Una descrizione così catastrofica fa pensare – sulla linea delle osservazioni di La Grassa riguardo le prese di posizione delle principali forze politiche negli Stati Uniti – che l’ex lider maximo del centro-sinistra in Italia sia decisamente schierato, adesso, con il “partito” anti-obamiano. L’ex presidente dell’IRI continua in maniera altrettanto dura anche riguardo all’Iraq ricordando i 10.000 morti tra i soldati della coalizione e gli oltre 100.000 irakeni uccisi ed enfatizzando gli scontri religiosi che ancora insanguinano il paese: tra sunniti e sciti ma anche tra musulmani e cristiani. Anche riguardo alla strategia “vincente” in nord-africa  l’ambiguo professore continua con pesanti critiche, in Libia continuerebbero le

<<tipiche vendette legate alla guerra civile e si ha notizia di una lunga serie di torture e omicidi in un paese che appare sempre più diviso. Le milizie delle varie tribù, invece di deporre le armi, stanno rafforzando i propri  arsenali, anche perché tutto quanto è avvenuto in Libia si è svolto sopra la loro testa, senza tenere conto del ruolo da loro giocato nella vita reale del paese>>.

Fino a prova contraria queste ultime affermazioni possono significare soltanto che l’ex- presidente della Commissione Ue vuole rimarcare il fatto che la fine della Grande Jamāhīriyya Araba Libica Popolare Socialista e di Gheddafi è stata voluta dagli Usa e dai suoi accoliti (tra cui l’Italia del “rinnegato” Berlusconi) e non si è trattato in nessun modo di una autentica ribellione popolare. A questo punto, però,  Prodi modera un pochino i toni riconoscendo che anche se la “democrazia” non può essere esportata con i carri armati, le bombe e i missili, in alcuni casi – come, per esempio, in Tunisia ed Egitto dove avrebbe agito un autentico “movimento popolare” – risulterebbe possibile coadiuvare dall’esterno il passaggio da un regime autoritario ad uno liberale. L’ex premier fa capire che il suo disaccordo riguarda principalmente la guerra in Libia e il motivo, non confessato, riguarda sicuramente il ruolo strategico fondamentale – nella politica estera del Mediterraneo che guarda a Est – che Gheddafi svolgeva negli accordi per rafforzare un polo energetico “indipendente”  Russia-Libia-Italia. Meno condivisibile appare l’affermazione prodiana che si starebbe assistendo ad una

<< “erosione”del potere militare nella realtà politica contemporanea.

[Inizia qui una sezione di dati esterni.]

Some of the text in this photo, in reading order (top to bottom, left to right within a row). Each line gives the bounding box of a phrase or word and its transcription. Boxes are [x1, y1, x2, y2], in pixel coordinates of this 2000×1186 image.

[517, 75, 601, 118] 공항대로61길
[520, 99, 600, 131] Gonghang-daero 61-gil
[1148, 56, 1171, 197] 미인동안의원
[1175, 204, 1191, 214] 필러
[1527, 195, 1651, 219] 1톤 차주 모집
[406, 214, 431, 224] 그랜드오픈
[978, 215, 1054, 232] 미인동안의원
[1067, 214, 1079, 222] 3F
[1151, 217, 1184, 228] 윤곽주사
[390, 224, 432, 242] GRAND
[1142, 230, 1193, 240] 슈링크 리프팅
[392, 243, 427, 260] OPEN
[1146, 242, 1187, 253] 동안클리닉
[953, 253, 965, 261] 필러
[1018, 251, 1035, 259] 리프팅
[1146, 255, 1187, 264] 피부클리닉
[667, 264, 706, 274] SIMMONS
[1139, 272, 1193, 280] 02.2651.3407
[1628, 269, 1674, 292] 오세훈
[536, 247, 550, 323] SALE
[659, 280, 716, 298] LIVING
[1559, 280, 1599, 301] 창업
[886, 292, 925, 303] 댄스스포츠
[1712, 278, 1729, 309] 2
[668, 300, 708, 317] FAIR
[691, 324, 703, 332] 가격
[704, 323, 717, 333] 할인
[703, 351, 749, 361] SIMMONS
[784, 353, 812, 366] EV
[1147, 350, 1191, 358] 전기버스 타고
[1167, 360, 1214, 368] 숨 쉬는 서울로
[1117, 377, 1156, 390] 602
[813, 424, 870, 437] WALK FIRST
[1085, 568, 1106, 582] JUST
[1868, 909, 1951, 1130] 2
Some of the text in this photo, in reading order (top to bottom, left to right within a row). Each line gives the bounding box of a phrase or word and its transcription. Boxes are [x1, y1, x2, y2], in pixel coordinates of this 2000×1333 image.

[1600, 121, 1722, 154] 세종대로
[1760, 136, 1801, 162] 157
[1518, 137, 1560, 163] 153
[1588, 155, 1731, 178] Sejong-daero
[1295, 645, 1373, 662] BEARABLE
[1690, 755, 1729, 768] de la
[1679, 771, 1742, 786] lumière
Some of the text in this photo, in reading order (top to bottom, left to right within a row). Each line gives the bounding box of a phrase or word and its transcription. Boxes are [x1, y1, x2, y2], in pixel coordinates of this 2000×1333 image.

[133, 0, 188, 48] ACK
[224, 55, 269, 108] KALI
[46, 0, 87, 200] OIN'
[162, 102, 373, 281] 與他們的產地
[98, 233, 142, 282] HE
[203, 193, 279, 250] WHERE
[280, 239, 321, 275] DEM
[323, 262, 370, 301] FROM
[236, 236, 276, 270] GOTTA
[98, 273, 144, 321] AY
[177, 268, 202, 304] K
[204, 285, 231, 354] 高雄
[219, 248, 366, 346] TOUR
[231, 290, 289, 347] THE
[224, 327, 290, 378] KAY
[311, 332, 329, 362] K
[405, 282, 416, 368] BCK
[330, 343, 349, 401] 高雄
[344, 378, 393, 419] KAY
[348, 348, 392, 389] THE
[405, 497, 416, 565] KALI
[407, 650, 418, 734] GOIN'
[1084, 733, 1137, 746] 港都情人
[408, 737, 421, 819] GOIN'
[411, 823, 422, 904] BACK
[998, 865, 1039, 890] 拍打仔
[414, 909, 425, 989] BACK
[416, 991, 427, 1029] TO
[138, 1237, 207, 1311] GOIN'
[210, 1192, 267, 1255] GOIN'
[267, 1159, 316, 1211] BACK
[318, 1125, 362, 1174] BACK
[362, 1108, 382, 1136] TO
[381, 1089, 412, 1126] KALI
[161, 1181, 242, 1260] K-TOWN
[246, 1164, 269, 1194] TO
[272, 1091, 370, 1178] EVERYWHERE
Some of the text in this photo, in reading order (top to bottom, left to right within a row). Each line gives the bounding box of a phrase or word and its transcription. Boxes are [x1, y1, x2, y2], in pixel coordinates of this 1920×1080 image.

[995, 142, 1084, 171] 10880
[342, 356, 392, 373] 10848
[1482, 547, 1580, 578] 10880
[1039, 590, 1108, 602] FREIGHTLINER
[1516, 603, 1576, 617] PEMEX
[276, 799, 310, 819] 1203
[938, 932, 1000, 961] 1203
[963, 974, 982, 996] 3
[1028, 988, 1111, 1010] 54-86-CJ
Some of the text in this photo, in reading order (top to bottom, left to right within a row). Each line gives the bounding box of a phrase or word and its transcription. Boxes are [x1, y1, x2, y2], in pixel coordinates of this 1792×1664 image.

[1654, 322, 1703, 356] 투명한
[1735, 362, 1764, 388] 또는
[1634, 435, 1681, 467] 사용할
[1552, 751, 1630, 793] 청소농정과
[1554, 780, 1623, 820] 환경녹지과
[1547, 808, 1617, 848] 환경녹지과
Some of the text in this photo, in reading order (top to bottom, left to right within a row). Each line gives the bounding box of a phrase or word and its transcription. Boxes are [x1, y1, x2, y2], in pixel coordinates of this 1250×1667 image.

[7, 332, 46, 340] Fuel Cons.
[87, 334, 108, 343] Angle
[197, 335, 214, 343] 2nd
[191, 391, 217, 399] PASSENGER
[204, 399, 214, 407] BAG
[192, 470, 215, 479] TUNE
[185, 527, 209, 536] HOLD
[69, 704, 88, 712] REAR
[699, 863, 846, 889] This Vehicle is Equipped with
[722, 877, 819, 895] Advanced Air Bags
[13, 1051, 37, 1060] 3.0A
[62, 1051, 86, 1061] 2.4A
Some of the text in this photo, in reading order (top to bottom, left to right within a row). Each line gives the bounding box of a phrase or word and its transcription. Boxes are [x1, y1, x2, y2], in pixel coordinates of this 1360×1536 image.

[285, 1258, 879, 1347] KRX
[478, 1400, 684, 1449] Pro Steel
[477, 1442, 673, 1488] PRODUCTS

Questo termine “erosione” era stato elaborato 25 anni fa da uno studioso britannico (Evan Luard) che aveva definito “un’arma spuntata” l’azione degli eserciti nelle guerre che si pongono un obiettivo politico>>.

Come al solito le vaghe generalizzazioni non valgono un fico secco; la forza militare è sempre solo uno strumento, anche se in ultima istanza decisivo, di precise e contingenti strategie politiche internazionali. Vi sono situazioni in cui la potenza egemone deve rischiare un estremo atto di forza “diretto” mentre in altre circostanze, come quella attuale – in condizione di relativa difficoltà della medesima superpotenza ma anche degli altri principali “poli” concorrenti – una diversa strategia – che La Grassa ha definito del “caos” e delle infiltrazioni di liquido intesa come metafora per spiegare un uso della forza coercitiva attraverso l’intelligence e strumenti a questa attinenti – può risultare maggiormente efficace. L’articolo di Prodi, infine, si chiude con una frase “sibillina” (ma neanche tanto):

<<Naturalmente, se l’obiettivo non è il raggiungimento della democrazia, non bisogna tenere conto di quanto ho scritto>>.

Per concludere mi pare utile riportare alcune interessanti considerazioni tratte da un articolo di Henry Kissinger apparso sul Sole 24 ore del 01.04.2012:

<<Per oltre mezzo secolo, la politica americana in Medio Oriente è stata guidata da obiettivi di sicurezza: impedire che emergesse una potenza egemone, garantire il libero flusso delle risorse energetiche e negoziare una pace duratura fra Israele e i vicini, palestinesi inclusi. Nell’ultimo decennio l’Iran è emerso come l’ostacolo a tutti e tre questi obbiettivi. La primavera araba non ha cancellato questi interessi, anzi ha reso più urgente tradurli in pratica. Un processo che dovesse concludersi con Governi troppo deboli o di orientamento troppo antioccidentale per dare il loro sostegno a esiti di questo genere, e dove la collaborazione americana non sarebbe più accolta con favore, deve suscitare timori a Washington, indipendentemente dai meccanismi elettorali con cui questi Governi sono arrivati al potere. In questi limiti generali, la politica americana ha margini di creatività per promuovere i valori umanitari e democratici.
Gli Stati Uniti devono essere preparati a trattare con Governi islamisti democraticamente eletti, ma devono essere anche liberi di perseguire un principio standard della politica estera tradizionale, condizionando il loro atteggiamento alla compatibilità delle azioni del Governo in questione con i propri interessi>>.

Come si può notare anche il grande studioso e uomo politico statunitense si mostra dubbioso riguardo ai risultati di quella che è stata definita la “primavera araba” soprattutto in relazione agli obbiettivi nazionali Usa per la propria sicurezza (e supremazia). Vista la necessità di un ritiro delle proprie Forze Armate da buona parte del Medio Oriente, pur continuando a tenere sotto controllo l’Iran, diventa decisivo, secondo Kissinger, impedire che nei paesi nord africani si assista a  una deriva politica incontrollabile e una “islamizzazione” dei regimi, considerando che anche la situazione siriana mostra, nella sua criticità, una recrudescenza nel conflitto tra sciiti e sunniti – con il tentativo da parte sunnita di ristabilire il proprio predominio ai danni della minoranza sciita che oggi ha il potere a Damasco –  con il risultato che molti gruppi minoritari (drusi, curdi e cristiani)
continuano a essere fortemente contrari ad un cambio di regime.